Wednesday, July 2, 2025

Ideological bumper stickers are for fundraising, not life

Emily Singer of Daily Kos reported the Big Brutal Bill has passed the Senate. Three Republican senators voted no so the vice nasty broke the tie in favor of passage. Sen. Lisa Murkowski of Alaska seemed to be heading towards no, but the Republican leadership gave her a deal that the Medicaid cuts won’t hit Alaska and threw in some other goodies so she voted yes. How sweet that Alaska is protected from a bill that screws over all the other states. How annoying that Murkowski doesn’t care about all the other states. And then said she hoped the House would correct some of the bill’s problems. The bill goes back to the House because the Senate made changes to what the House passed. One of those changes was deeper Medicaid cuts. Already some of the Freedom Caucus members are saying the bill doesn’t cut Medicaid and the social safety net enough. They don’t like how the bill will balloon the national debt and they certainly aren’t going to give up on tax cuts to the wealthy. Singer reported the vice nasty wrote on X:
The thing that will bankrupt this country more than any other policy is flooding the country with illegal immigration and then giving those migrants generous benefits. The OBBB fixes this problem. And therefore it must pass. Everything else—the [Congressional Budget Office] score, the proper baseline, the minutiae of the Medicaid policy—is immaterial compared to the ICE money and immigration enforcement provisions.
Yeah, he wrote that throwing millions of people off Medicaid is “immaterial” and just “minutiae.” Singer rebuts the opening lie: Immigrants lower budget deficits by about $100 billion a year because undocumented workers pay taxes but can’t receive benefits.

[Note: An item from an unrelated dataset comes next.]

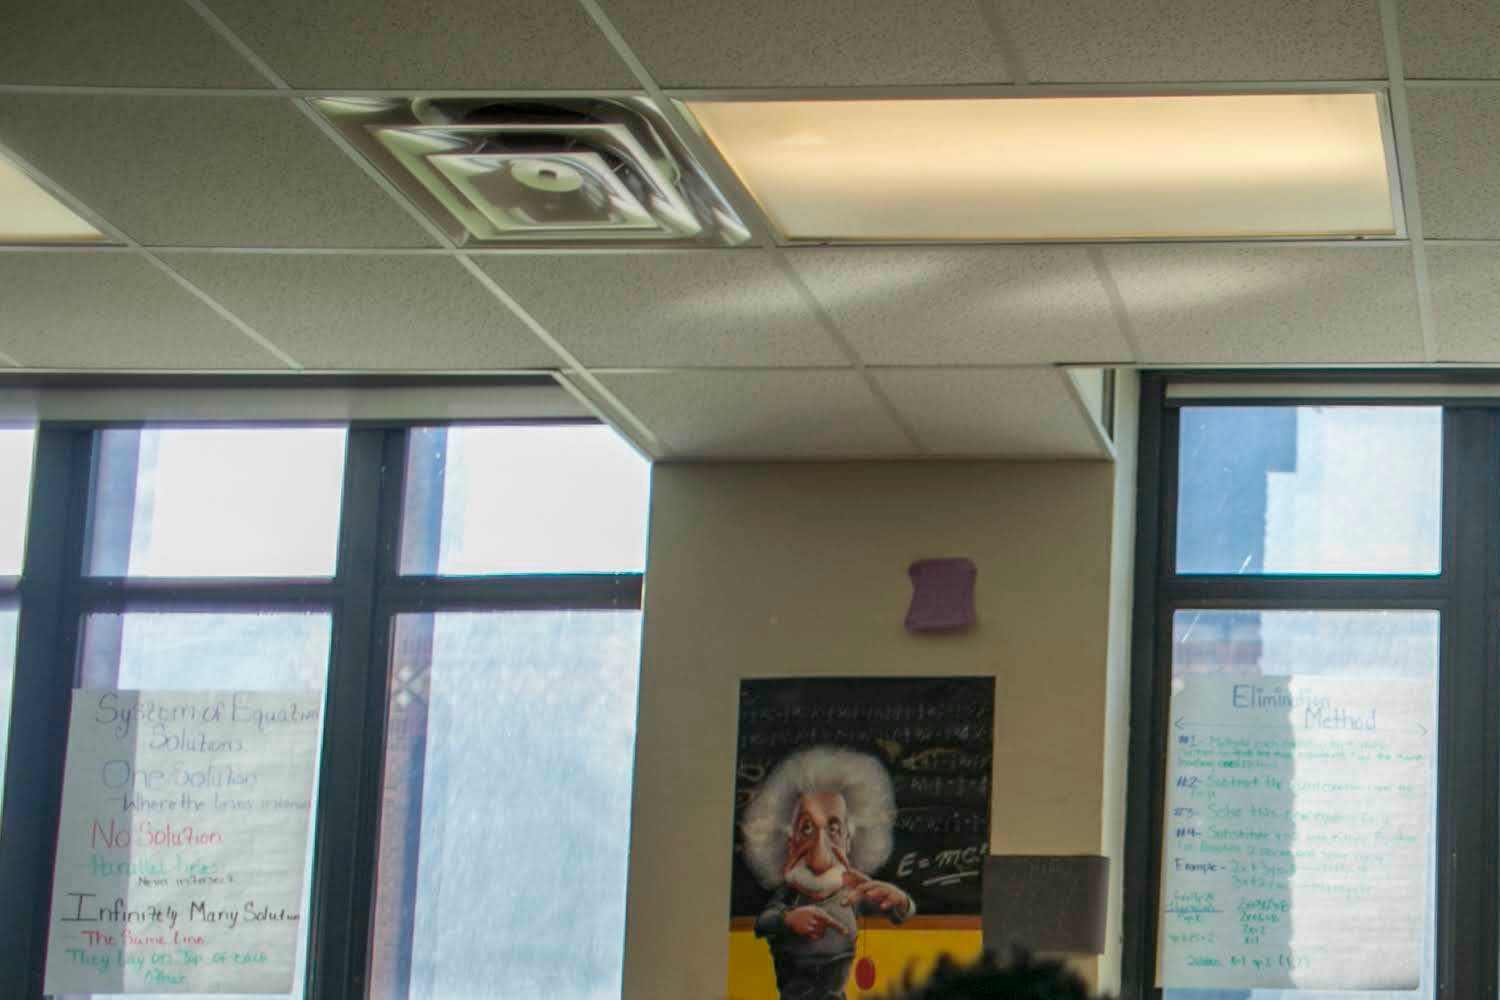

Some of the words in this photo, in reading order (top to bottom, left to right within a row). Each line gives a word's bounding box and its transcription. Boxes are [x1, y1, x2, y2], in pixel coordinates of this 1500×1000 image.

Then Singer quoted several Democrats who say the loss of Medicaid is not “minutiae.” Merlin196360 of the Kos community used a term I like: “MAGAcaid.” They started their post with a tweet from digby:
One more time, folks. This isn't a Trump thing. “Reagan proved deficits don’t matter.”--Vice President Dick Cheney "They'll get over it." - Mitch McConnell This is all performative nonsense meant to secure tax cuts and keep working America poor, sick and desperate. It's their raison de'etre.
Merlin196360 added:
While some element of fear of Trump supporters may have played a role in MAGAcaid, what’s really going on is that the current GOP is filled with people who simply hate to pay taxes for the social safety net. Full stop. The legacy media still talks about — cough, cough — “moderates” in Congress, but I’m with Catherine Rampell of now MSNBC: GOP moderates on the Hill are like Bigfoot sightings. There is no proof they exist.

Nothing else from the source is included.